Renée Fleming, James Levine, and the Boston Symphony in Berg, Richard Strauss, and Mahler, by Michael Miller
Boston Symphony Orchestra
Friday, February 12, 8 p.m.
James Levine, conductor
Renée Fleming, soprano
Berg, Three Pieces for Orchestra, Op. 6
Strauss, Four Last Songs
Mahler, Symphony No. 4
Before getting into the program in detail, it's worth noting that here again the BSO and New York Philharmonic programs overlap. While Levine in the Berg Three Pieces is returning to repertoire with which he has been closely associated for many years—music inspired by the composer of the main work, Gustav Mahler—Gilbert approached the same work as part of his ongoing exploration of the Second Vienna School, which has enriched his programming throughout the year, and, I'm sure, will continue throughout his career.

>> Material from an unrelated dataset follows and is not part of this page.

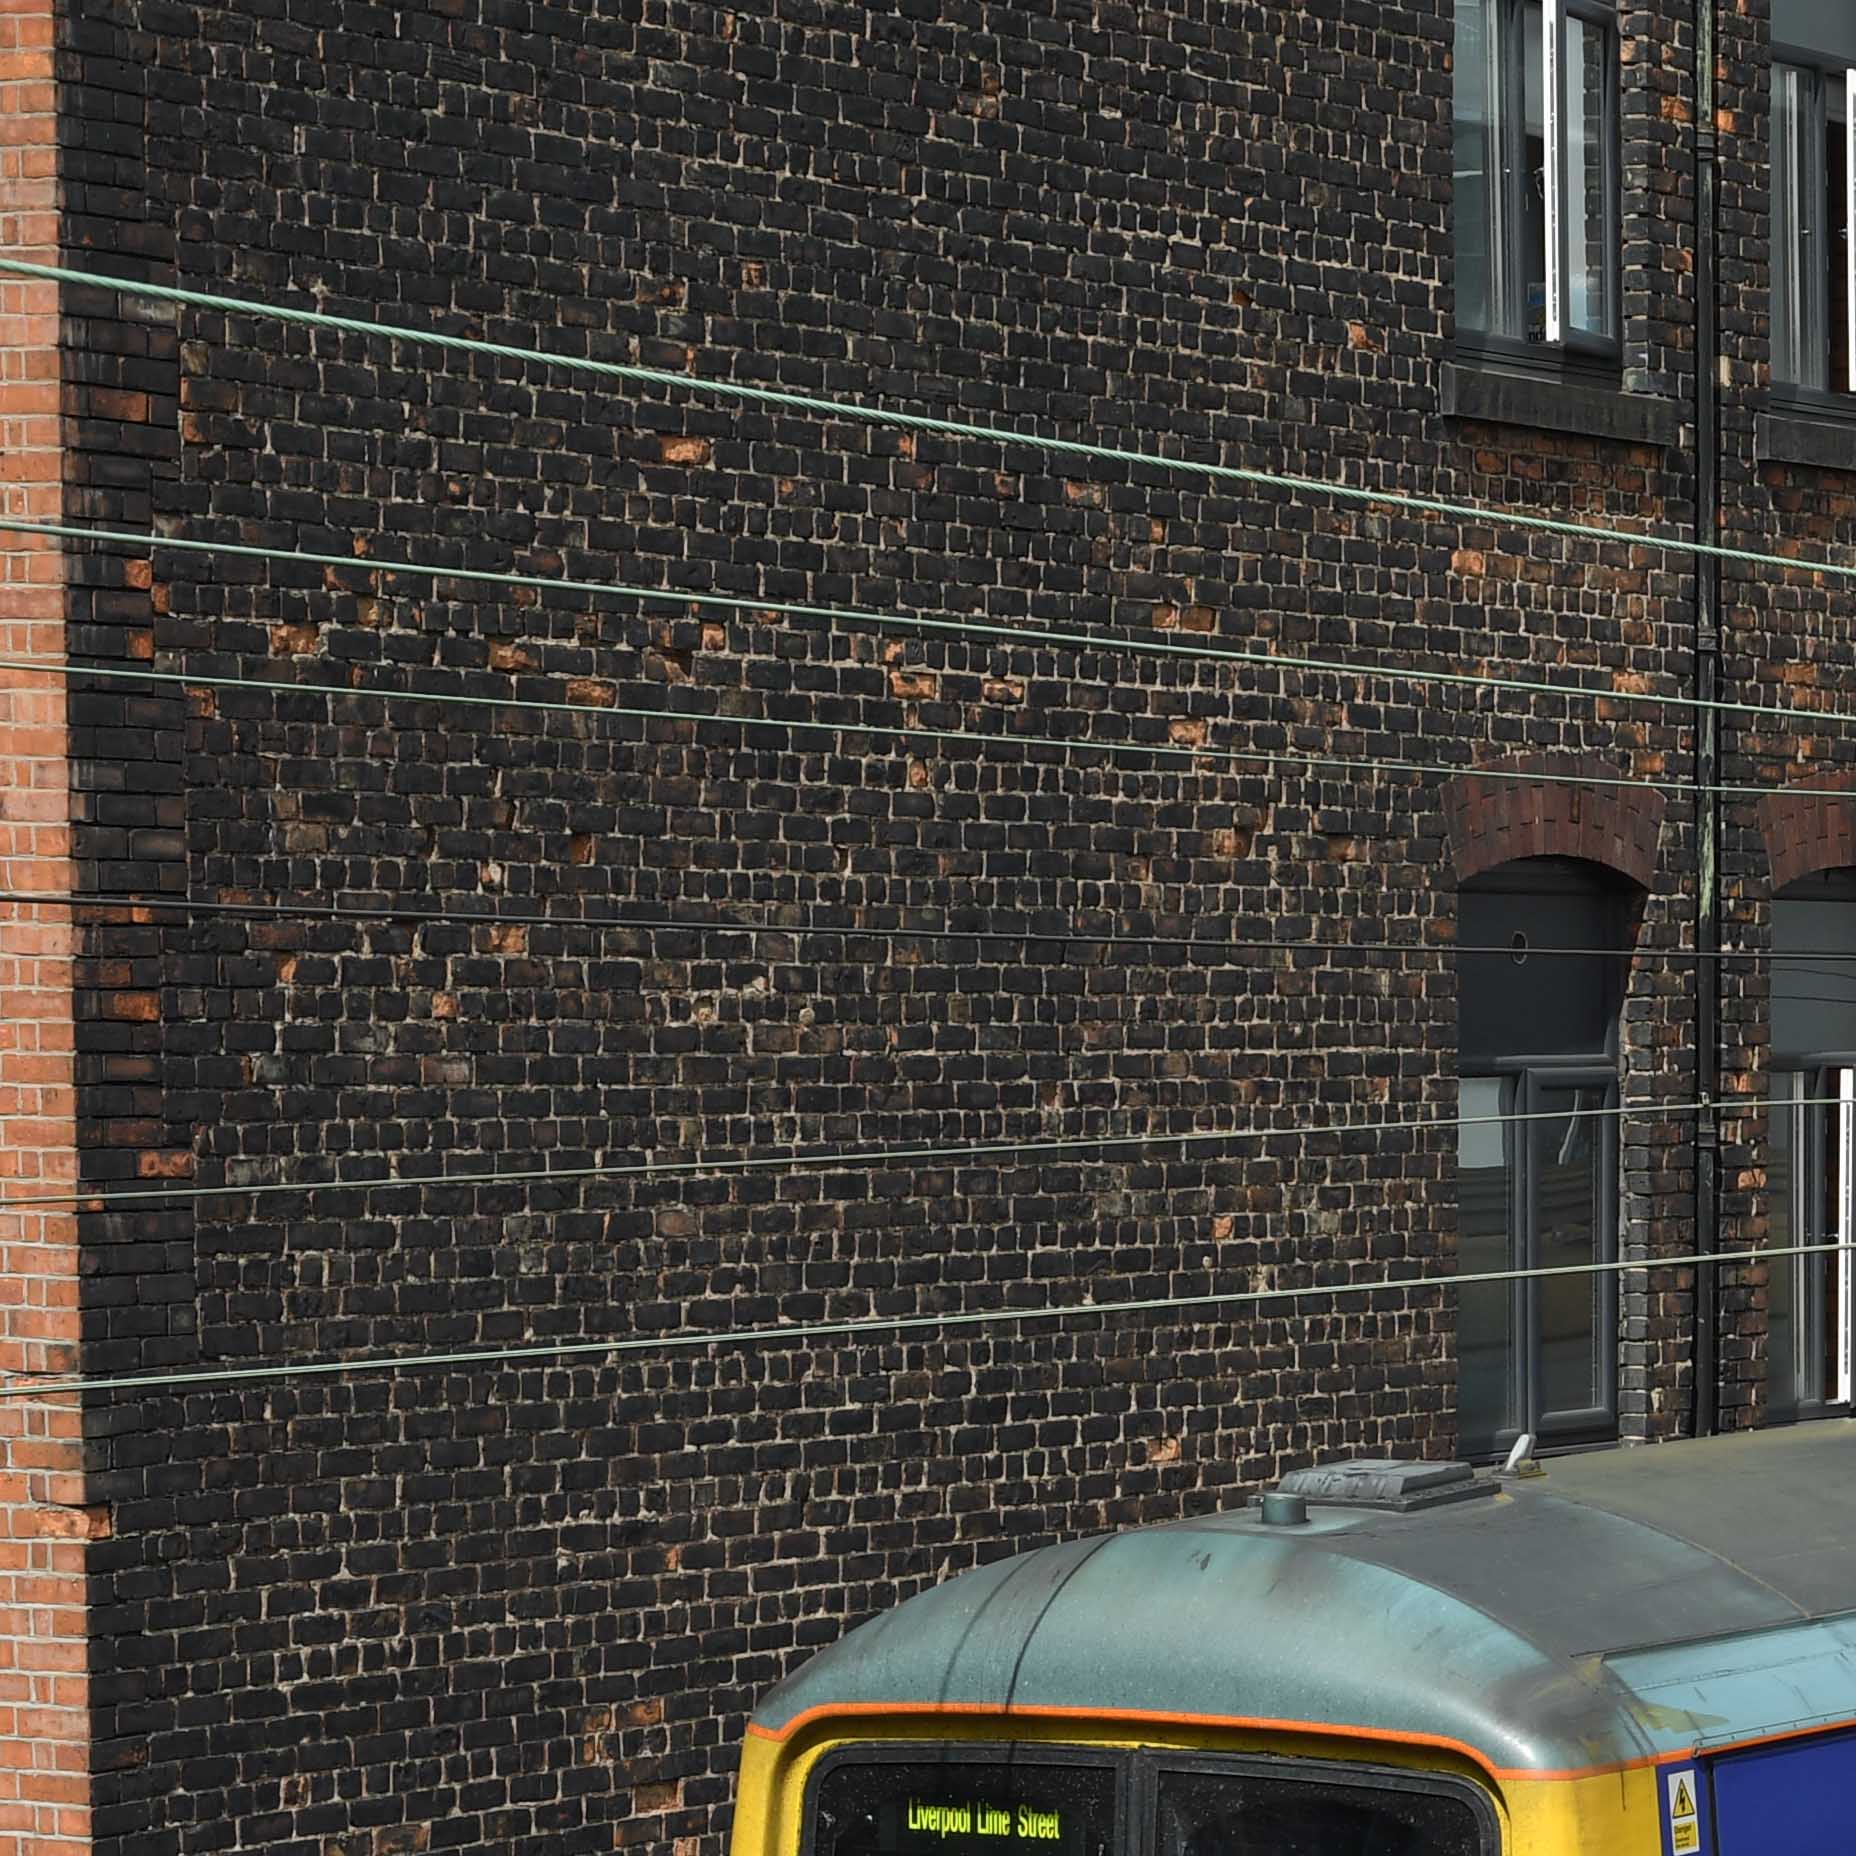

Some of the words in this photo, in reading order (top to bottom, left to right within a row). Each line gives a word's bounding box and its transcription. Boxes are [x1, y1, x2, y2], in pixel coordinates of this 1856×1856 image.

Often, hearing the BSO at Symphony Hall is a spatial experience. Berg's fragmented scoring of longer sections among disparate choirs of the orchestra created an almost eerie effect of coherent music dismembered and spread over a vast space. Levine's fairly deliberate tempi made sure that there was plenty of space and atmosphere around the every phrase, chord, attack, or stroke of the percussion. The detail in the percussion in opening bars was astonishing, and the performance continued in this way throughout. An unerring sense of the longer and shorter shape of the music was combined with meticulous attention to sonorities and textures, and all this was enhanced by the superb playing of the Boston Symphony. We were constantly aware of its Mahlerian origins as well as of everything that was different, everything that was most characteristically Berg, for example his ferocious vivisection of a military march in the final piece.